Metro Weekly

Scab

Reel Affirmations 2005

Review by Sean Bugg

Rating: starstar (2 out of 5)

Friday, 10/21/2005, 11:15 PM
Feature presentation, $9 at Lincoln Theatre

ANOTHER YEAR, ANOTHER Reel Affirmations, another gay vampire movie. And yet again, it’s one that really bites.

Set in the seedily sexy underworld of L.A. and Las Vegas that only exists in the fevered imaginations of legions of Anne Rice fans, Scab opens with a trick gone bad. Ajay has brought home a vampire. Not just any vampire, but a barebacking, rapist vampire. Because, as we all know, sexual metaphor and vampirism go hand in hand. Occasionally with a bit more subtlety, granted, but I have to deal with the metaphor Scab dealt me.

Ajay is soon craving the red stuff, and his friends Teague (filled with tasty innocence and unrequited love) and Floor (don’t ask me, I didn’t name the horn-dog straight guy) are driving him to Vegas for… well, something about Ajay getting his head together.
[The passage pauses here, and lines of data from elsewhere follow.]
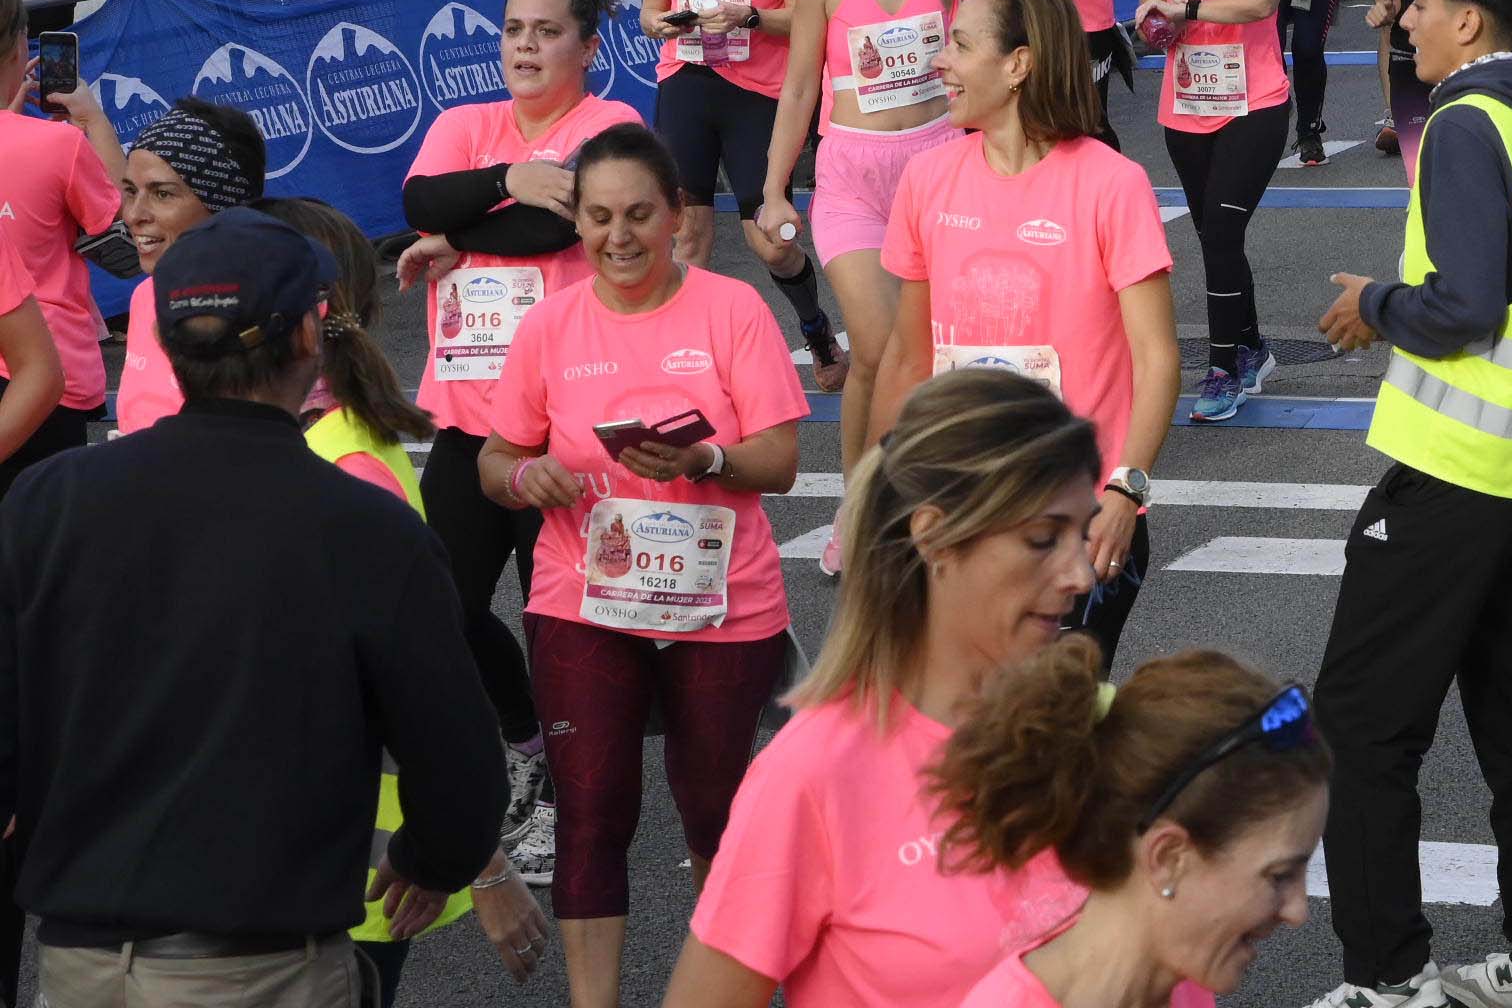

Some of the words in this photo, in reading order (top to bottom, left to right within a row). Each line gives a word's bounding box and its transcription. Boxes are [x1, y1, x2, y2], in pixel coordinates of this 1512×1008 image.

[439, 47, 474, 61] CENTRAL
[475, 41, 501, 56] LECHE
[885, 52, 918, 67] 016
[327, 68, 364, 84] CENTRAL
[366, 61, 402, 78] LECHERA
[429, 54, 507, 101] ASTURIA
[891, 68, 916, 79] 30548
[1193, 73, 1218, 84] 016
[319, 78, 417, 128] ASTURIANA
[868, 95, 897, 105] OYSHO
[464, 287, 503, 298] ASTURIANA
[465, 312, 501, 328] 016
[471, 333, 494, 343] 3604
[440, 363, 470, 373] OYSHO
[563, 361, 618, 381] OYSHO
[636, 520, 690, 537] ASTURIANA
[699, 522, 723, 530] SUMA
[636, 552, 685, 573] 016
[640, 576, 677, 589] 16218
[601, 589, 639, 600] CARRERA
[640, 592, 653, 601] DE
[653, 594, 664, 602] LA
[666, 595, 693, 604] MUJER
[594, 604, 638, 619] OYSHO
But whatever it is, they all end up at the Harmony Motel where the nonsensical plot eventually arrives at the obligatory bloodbath and not-so-twist ending.
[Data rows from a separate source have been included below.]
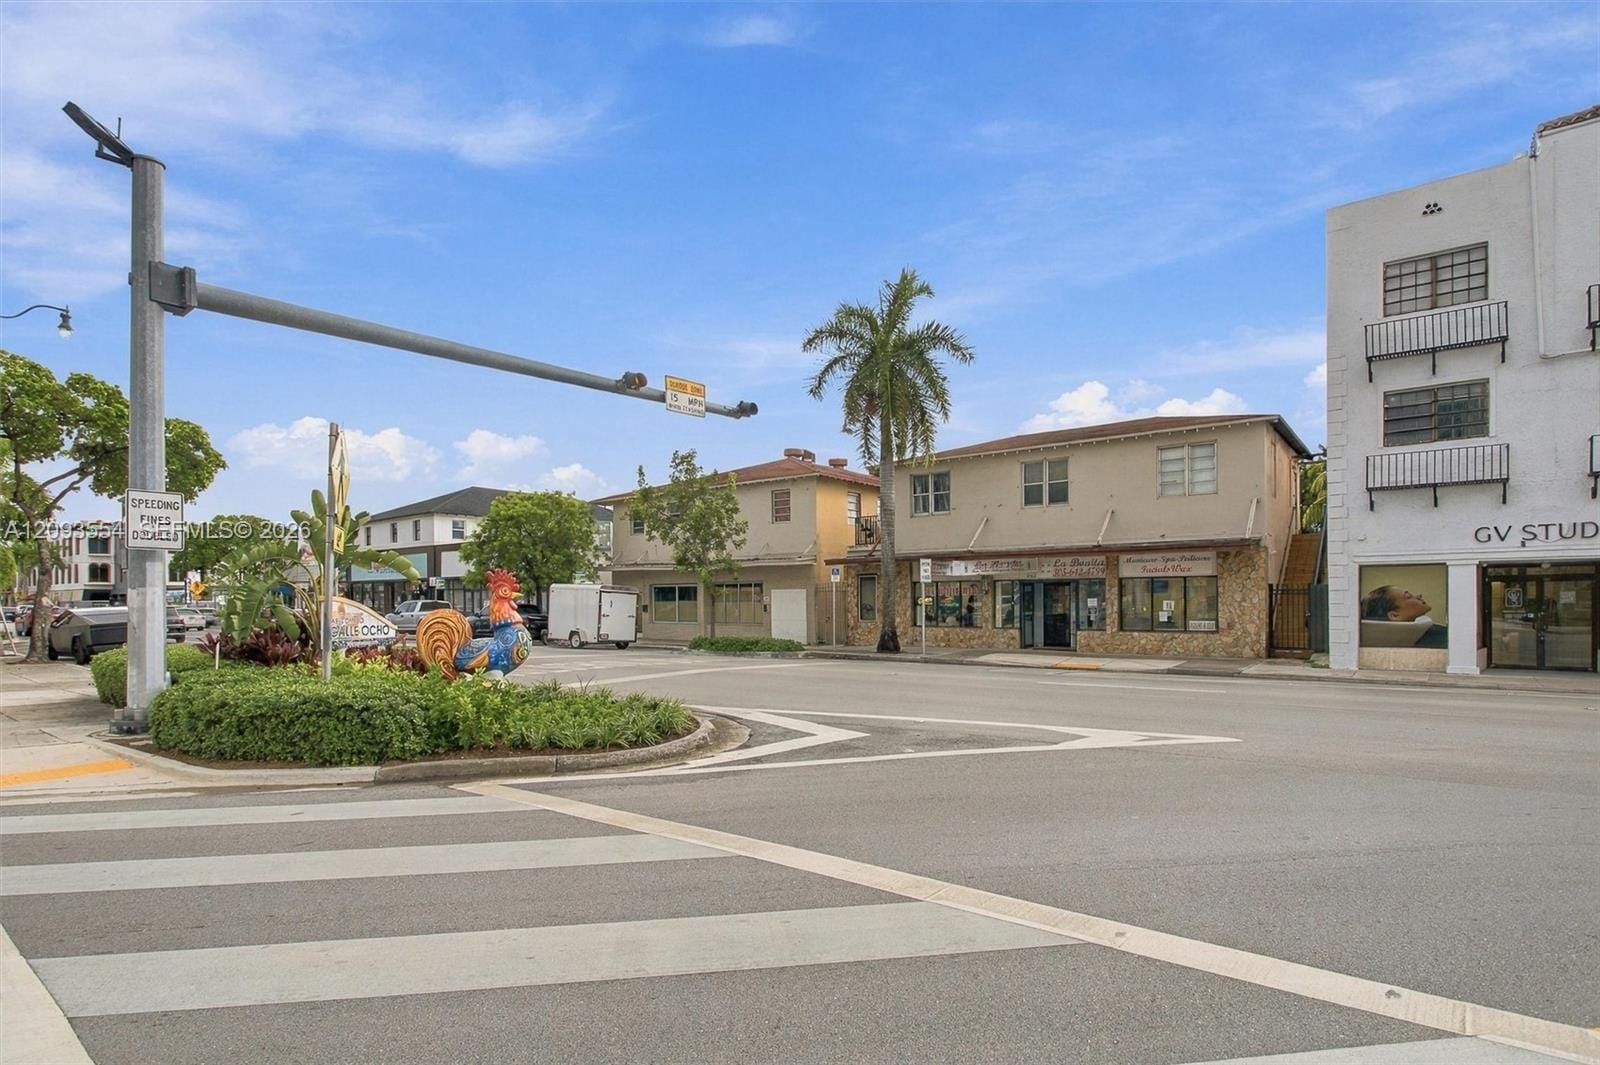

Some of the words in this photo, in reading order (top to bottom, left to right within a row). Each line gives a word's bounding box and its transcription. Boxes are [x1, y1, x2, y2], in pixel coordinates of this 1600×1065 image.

[670, 392, 679, 402] 15
[688, 396, 704, 408] MPH
[131, 498, 180, 510] SPEEDING
[140, 514, 171, 525] FINES
[1474, 525, 1512, 543] GV
[1522, 521, 1599, 541] STUD
[361, 624, 390, 636] OCHO
The story doesn’t make a lick of sense. Characters know things that haven’t come up in conversation while minor characters kill chunks of screen time with faux-Tarantino banter. A nebulous network of vampires may be watching from the sidelines, or maybe not. Who knows? Who cares?

It feels like the loosey-goosey script was written to try to make a story out of a couple of good, but small ideas. I particularly liked an early scene involving Ajay, a blender and some small furry animals, as well as an inopportune moment to lose a tooth. But a handful of inventive visual jokes aren’t enough to carry whole film. The end, when it comes, is as welcome as it is bloody.